无论是BCA法还是Bradford法,它们都是通过氨基酸残基的反应来测定总蛋白含量。一个50kDa的蛋白降解成三段,它的氨基酸残基仅仅只是分散了而不是消失了,所以测出的总蛋白浓度几乎仍然是准确的。
也就是我们并不能在这一步看出样本是否发生降解。
2 其次,条带才会告诉你真相
所以直到上样跑胶出结果,我们才能看到样本降解的最直观的体现:你期待的那条清晰主带消失了,取而代之的是一堆杂乱的小分子量条带。
最重要的是所有出现问题的条带都是往下偏移的,也就是说所有的问题条带分子量都变小了。这基本就是降解的典型信号。这个情况就不要怀疑抗体特异性不强了,这个真是冤枉的。
但是非常遗憾的是,样本降解了在后续没有补救方法,我们只能选择重新制备样本再奋斗一次。所以接下来我们来讲讲制备样本时避免蛋白降解的操作要点
避免降解的操作要点
样品中的蛋白酶和磷酸酶会快速降解蛋白。这就是裂解时为什么要加酶抑制剂。防止蛋白降解,核心就两个字:保鲜。而保鲜的关键,就是全程低温、快速操作。
1 提好蛋白尽快实验
出去吃饭很多店都说现杀活鱼对吧,因为杀久了蛋白质会降解,那味儿就不对了。
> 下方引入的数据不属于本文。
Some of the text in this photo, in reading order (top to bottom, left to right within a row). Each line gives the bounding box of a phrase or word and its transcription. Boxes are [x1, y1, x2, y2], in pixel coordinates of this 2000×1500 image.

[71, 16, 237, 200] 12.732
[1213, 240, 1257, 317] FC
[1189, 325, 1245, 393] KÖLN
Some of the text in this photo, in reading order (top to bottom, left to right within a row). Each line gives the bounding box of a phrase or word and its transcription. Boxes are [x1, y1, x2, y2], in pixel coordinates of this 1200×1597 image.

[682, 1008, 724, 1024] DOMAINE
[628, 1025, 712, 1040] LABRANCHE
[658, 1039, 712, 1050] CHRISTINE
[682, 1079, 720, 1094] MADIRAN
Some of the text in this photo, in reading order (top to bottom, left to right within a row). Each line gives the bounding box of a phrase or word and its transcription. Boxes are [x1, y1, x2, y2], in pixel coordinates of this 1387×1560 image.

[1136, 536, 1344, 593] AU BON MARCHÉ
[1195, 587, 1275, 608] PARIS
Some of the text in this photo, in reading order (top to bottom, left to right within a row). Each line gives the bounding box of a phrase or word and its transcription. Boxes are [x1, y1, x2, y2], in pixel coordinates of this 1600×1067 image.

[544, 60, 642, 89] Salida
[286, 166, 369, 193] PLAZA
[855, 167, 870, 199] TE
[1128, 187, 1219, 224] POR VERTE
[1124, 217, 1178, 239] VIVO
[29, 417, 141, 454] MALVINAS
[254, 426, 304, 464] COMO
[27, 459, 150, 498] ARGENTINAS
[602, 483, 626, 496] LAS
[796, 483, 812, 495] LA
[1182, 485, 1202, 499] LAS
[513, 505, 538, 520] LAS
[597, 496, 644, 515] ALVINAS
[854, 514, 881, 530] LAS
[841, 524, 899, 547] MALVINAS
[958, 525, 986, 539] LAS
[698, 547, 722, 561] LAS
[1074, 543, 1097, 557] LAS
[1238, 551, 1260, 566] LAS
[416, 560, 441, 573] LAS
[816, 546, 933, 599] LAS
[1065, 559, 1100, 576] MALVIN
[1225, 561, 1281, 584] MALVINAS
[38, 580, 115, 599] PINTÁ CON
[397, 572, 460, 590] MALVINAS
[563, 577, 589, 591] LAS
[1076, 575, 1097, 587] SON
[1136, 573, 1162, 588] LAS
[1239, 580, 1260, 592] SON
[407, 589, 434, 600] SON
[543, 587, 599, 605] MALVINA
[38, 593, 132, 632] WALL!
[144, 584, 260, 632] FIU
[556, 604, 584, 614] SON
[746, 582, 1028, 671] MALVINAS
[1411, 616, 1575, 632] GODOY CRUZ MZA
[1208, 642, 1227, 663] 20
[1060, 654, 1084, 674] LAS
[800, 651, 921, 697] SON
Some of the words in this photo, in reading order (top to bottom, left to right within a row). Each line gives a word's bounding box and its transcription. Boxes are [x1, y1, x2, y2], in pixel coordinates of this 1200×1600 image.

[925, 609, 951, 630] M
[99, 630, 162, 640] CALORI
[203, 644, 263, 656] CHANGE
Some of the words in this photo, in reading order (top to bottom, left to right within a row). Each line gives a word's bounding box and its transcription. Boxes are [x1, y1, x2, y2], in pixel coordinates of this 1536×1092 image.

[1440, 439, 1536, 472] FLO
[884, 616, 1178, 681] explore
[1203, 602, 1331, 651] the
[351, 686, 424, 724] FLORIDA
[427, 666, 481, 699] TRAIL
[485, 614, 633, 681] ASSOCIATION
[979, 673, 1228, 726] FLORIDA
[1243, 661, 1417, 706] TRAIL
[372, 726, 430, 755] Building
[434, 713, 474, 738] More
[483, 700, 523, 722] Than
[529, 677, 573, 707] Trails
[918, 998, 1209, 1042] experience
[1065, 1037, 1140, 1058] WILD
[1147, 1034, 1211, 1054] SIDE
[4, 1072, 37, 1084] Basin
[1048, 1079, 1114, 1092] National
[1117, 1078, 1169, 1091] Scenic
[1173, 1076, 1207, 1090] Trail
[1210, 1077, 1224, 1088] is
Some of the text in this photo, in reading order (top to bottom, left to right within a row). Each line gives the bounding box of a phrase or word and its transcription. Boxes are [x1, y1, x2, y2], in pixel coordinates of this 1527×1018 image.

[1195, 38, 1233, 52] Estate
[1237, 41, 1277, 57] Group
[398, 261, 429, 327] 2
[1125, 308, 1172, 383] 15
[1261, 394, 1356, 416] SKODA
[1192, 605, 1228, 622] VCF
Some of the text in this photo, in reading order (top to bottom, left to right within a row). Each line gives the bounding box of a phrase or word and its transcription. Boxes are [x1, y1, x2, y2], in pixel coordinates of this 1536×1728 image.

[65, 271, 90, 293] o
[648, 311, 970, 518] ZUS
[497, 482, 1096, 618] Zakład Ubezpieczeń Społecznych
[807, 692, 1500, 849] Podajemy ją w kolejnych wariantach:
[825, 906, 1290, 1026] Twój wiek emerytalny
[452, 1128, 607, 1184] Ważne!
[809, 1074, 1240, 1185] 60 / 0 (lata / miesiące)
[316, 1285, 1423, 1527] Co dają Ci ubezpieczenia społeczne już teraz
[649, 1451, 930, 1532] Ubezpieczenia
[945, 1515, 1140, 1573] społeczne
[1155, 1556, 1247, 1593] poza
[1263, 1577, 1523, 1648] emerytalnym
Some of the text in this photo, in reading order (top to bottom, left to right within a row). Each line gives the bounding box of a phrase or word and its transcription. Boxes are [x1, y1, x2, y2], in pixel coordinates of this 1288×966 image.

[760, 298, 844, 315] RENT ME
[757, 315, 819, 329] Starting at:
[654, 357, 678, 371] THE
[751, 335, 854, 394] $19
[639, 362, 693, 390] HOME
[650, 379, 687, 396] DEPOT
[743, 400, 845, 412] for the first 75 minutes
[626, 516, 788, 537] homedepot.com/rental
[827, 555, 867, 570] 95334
提蛋白也是一样,细胞也讲究一个现杀活细胞现提蛋白质、现上样做实验。
所以做WB实验最好是提好蛋白后立即加入上样缓冲液(loading buffer),煮样后马上电泳。不要想着今天我有空一次裂解一大批,冻着当预制菜下次拿出来热热再用。
如果非得存着下次用不可,裂解时确保加入蛋白酶抑制剂,如果研究磷酸化蛋白,还要加入磷酸酶抑制剂。裂解后,-80°C速冻分装保存,之后做实验要多少拿多少,避免反复冻融。
2 低温,冰上操作
从细胞裂解开始,就应该把EP管、培养皿放在冰上。尽量降低环境温度,从而减缓蛋白酶和磷酸酶的活性。
即便是超声裂解,也要用冰给样本保持低温。所以别嫌麻烦,哪怕只是转移样本,也要一直用冰盒装。
3 加入蛋白酶与磷酸酶抑制剂
无论你用的是RIPA还是别的裂解液,一定要加入新鲜的蛋白酶和磷酸酶抑制剂。抑制剂是消耗品,不是加一次就一劳永逸的。如果样本存放时间较长,再次使用时可能还要再加点。
总结一下,防止WB样本降解:冰上操作,延缓降解;现提现用,避免久放;正确加入蛋白酶抑制剂。
记住,再好的抗体也救不回已经降解的蛋白。从样本制备的第一步就开始保鲜,你的WB结果才会更清晰、更可靠。